Os especialistas vêem no expediente da transferência das cotas a forma encontrada pelo atual ministro para livrar-se do ônus da fiança e da responsabilidade sobre o débito. Contudo, sabe-se que o Basa não concordou com a transferência das cotas, tanto que Jucá abriu ação judicial contra a entidade na Justiça de Belém, com a finalidade de pleitear pelo caminho jurídico esse reconhecimento.
Empresário devendo a bancos é rotina neste País, sobretudo a bancos públicos, como neste caso. O espeto é que o senador Romero Jucá foi nomeado ministro da Previdência pelo principal mandatário de um governo alicerçado na defesa da ética e da transparência na política.

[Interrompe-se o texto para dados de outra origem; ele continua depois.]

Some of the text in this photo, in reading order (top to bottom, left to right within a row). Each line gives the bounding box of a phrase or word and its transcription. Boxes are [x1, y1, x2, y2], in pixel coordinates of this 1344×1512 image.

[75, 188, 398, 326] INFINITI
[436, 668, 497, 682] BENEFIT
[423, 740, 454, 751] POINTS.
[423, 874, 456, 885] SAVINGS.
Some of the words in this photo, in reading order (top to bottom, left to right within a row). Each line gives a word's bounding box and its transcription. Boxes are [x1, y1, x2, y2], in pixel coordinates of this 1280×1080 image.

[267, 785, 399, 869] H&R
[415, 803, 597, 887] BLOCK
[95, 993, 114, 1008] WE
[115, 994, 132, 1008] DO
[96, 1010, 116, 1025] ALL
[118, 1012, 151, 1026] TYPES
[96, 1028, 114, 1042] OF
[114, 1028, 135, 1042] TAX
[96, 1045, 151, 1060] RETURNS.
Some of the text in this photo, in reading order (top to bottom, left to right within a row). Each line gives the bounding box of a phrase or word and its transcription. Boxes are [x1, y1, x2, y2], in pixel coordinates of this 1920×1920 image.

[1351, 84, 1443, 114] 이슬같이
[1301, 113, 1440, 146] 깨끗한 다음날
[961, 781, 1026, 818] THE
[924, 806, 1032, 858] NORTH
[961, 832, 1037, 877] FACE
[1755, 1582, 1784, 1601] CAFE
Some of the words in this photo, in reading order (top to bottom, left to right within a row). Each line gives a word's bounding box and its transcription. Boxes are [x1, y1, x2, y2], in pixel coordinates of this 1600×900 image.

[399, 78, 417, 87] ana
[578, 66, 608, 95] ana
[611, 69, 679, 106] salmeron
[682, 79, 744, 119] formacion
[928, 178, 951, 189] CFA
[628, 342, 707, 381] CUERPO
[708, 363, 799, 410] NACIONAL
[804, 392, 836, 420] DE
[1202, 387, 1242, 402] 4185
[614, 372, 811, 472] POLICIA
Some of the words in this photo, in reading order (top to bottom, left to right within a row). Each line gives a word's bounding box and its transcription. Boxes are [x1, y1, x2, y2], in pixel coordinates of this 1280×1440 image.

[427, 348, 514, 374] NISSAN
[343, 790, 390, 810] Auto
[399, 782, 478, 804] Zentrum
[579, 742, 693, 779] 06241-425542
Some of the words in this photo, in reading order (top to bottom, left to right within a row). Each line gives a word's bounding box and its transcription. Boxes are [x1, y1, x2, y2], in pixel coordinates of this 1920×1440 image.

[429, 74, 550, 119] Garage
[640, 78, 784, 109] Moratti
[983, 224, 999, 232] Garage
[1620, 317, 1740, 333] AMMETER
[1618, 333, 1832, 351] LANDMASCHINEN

Injustificável é pensar que o governo Lula foi pego de surpresa ou não tivesse informações sobre fatos relacionados com a carreira do citado político. Presidente da Funai, entre 1986 e 1988, Jucá foi denunciado pelo Ministério Público Federal de ter usado o órgão para negociar ilegalmente madeira retirada de reservas indígenas. Em 1993, o Tribunal de Contas da União acusou o senador do desvio de R$ 300 mil destinados a entidade filantrópica – Fundação Roraima – da qual era sócio.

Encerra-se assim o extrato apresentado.